Purpose of the Study:
- To develop and validate a predictive nomogram for in-hospital mortality in patients undergoing ECMO.
- To identify key clinical indicators associated with ECMO patient mortality.
Main Methods:
- Retrospective cohort study of 122 ECMO patients for model development and 22 patients for external validation.
- Utilized a two-step Boruta-LASSO feature selection strategy to identify predictors.
- Constructed and evaluated five machine learning models, selecting the best for nomogram development.

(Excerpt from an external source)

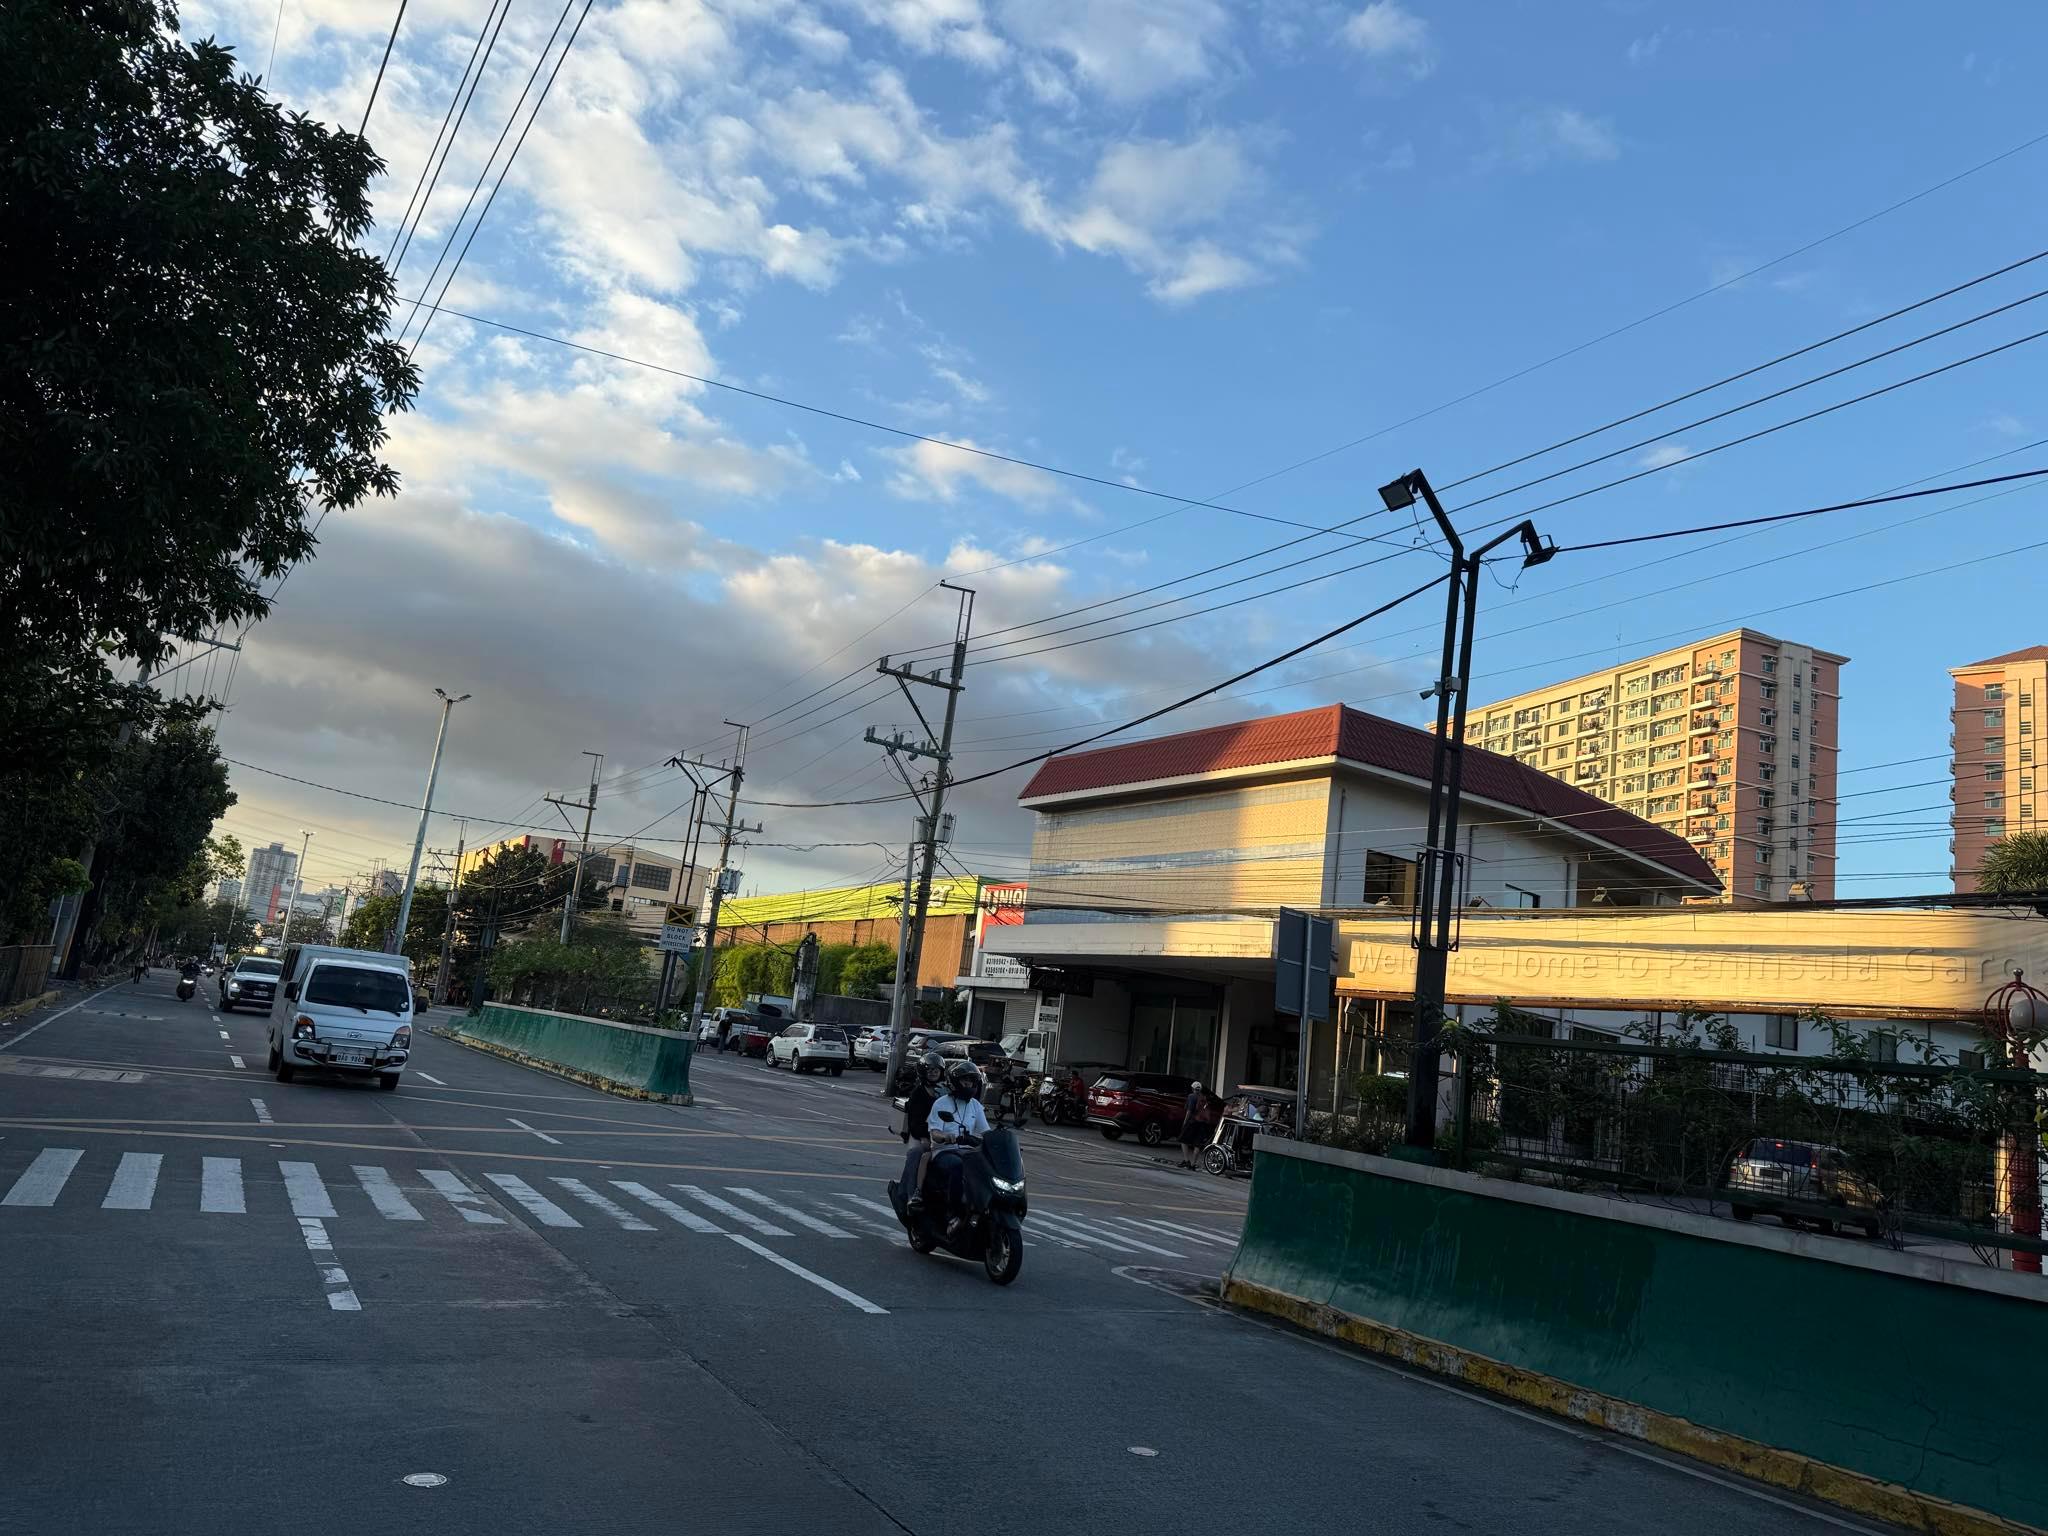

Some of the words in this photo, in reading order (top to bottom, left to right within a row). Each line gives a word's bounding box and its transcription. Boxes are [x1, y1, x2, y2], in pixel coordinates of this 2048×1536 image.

[667, 933, 685, 941] BLOCK
[1498, 948, 1600, 979] Home
[1615, 949, 1650, 979] to
[1664, 945, 1880, 983] Peninsula

- Validated the nomogram using ROC analysis, calibration curves, decision curve analysis, and SHAP interpretability.
Main Results:
- Identified four key predictors of in-hospital mortality: malignant tumor, Lactic Acid, monocyte-to-white blood cell ratio (MWR), and activated partial thromboplastin time-to-albumin ratio (AAR).
- The logistic regression-based nomogram achieved a cross-validated AUC of 0.765 in the primary cohort and 0.838 in the external validation cohort.
- The model demonstrated satisfactory discriminatory ability and acceptable calibration.
Conclusions:
- Malignant tumor, elevated Lactic Acid, decreased MWR, and elevated AAR are significant predictors of in-hospital mortality in ECMO patients.
- The developed nomogram shows potential as an exploratory tool for bedside risk stratification.
- Further validation in larger, prospective, multicenter studies is recommended prior to clinical implementation.